差し歯の寿命については、保険適用の場合で平均5~8年、自由診療では10~20年といわれています。クラウンに関しては、一般的には5年~15年程といわれていますが、いずれのケースでも、できるだけ長く差し歯、被せ物を装着するためには、メンテナンスが重要です。被せ物に限らず、何らかの治療を行った歯は被せた歯と歯の境目に汚れがたまり、菌が増殖してしまうため、むし歯になりやすい傾向があります。手間はかかりますが、通常より高い頻度でメンテナンスに通い、歯科医のチェックと口腔清掃を行うことが治療した歯の寿命を延ばすことになるので、定期的に検診を受けるようにしましょう。

編集部まとめ

少し前までは、歯の神経を失ったときの治療は差し歯が主流でしたが、現在では被せ物やクラウンで治療することがほとんどです。
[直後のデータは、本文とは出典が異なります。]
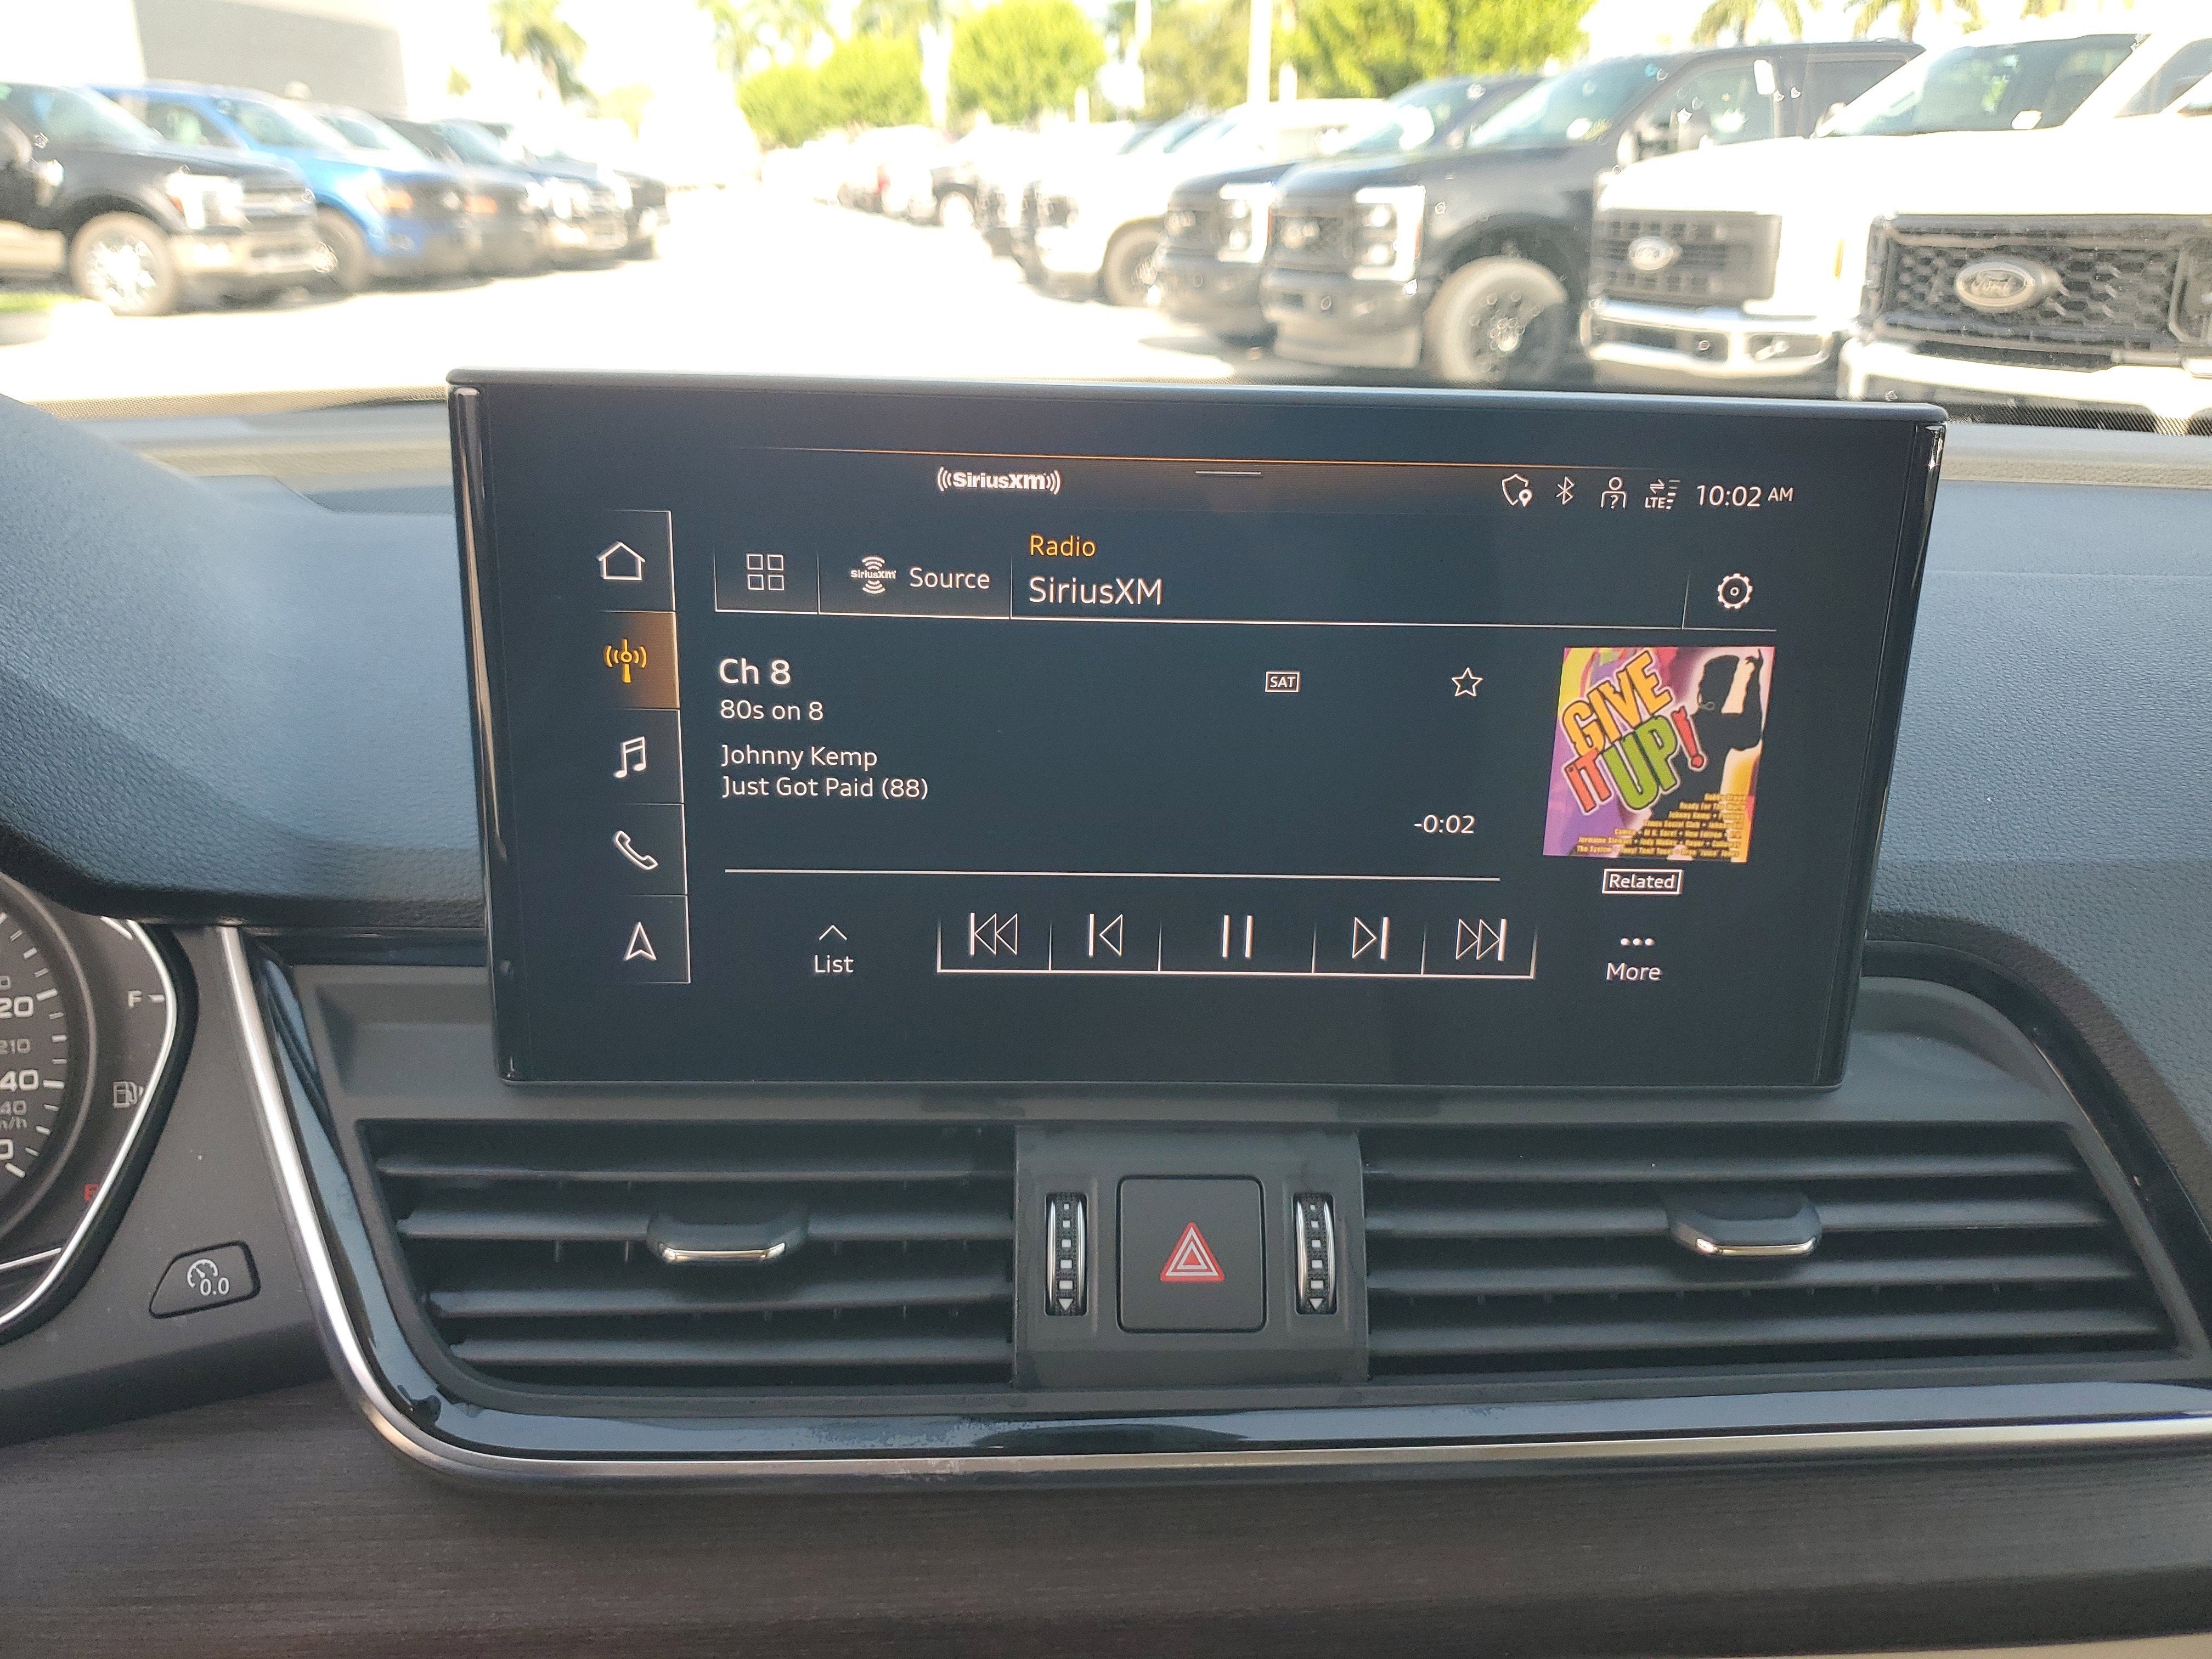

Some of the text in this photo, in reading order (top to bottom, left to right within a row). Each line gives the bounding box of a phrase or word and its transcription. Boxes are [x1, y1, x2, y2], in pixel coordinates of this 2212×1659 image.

クラウンも差し歯同様に保険でできる治療です。歯科医療の技術は進み、素材も増え、その素材によって審美性のよいものや、使用感に優れているものなどさまざまな選択肢が生まれています。ご自身のお口の状態にあった治療方法をぜひ選んでみてください。

参考文献

この記事の監修歯科医師
宮島 悠旗歯科医師(宮島悠旗ブライトオーソドンティクス)

宮島 悠旗歯科医師(宮島悠旗ブライトオーソドンティクス)

愛知学院大学歯学部卒業 / 東京歯科大学千葉病院にて臨床研修医終了 / 東北大学大学院歯学研究科口腔発育学口座顎口腔矯正学分野 助教 / 宮島悠旗ブライトオーソドンティクス起業 / 著書「国際人になりたければ英語力より歯を“磨け”-世界で活躍する人の『デンタルケア』-」(幻冬舎)出版 / 合同会社T&Y Connection設立 / ASIA GOLDEN STARAWARD(企業家賞)受賞 / 著書「歯並び美人で充実人生-幸せを呼ぶゴールデンスマイル-」(合同フォレスト)出版 / 株式会社オーティカインターナショナル認定講師 / 現在は宮島悠旗ブライトオーソドンティクス代表としてフリーランス矯正歯科医を行っている / 専門は矯正歯科(Invisalign®︎、小児矯正、Myobrace®︎、マルチブラケット、アンカースクリュー、PBMオルソ(光加速矯正装置))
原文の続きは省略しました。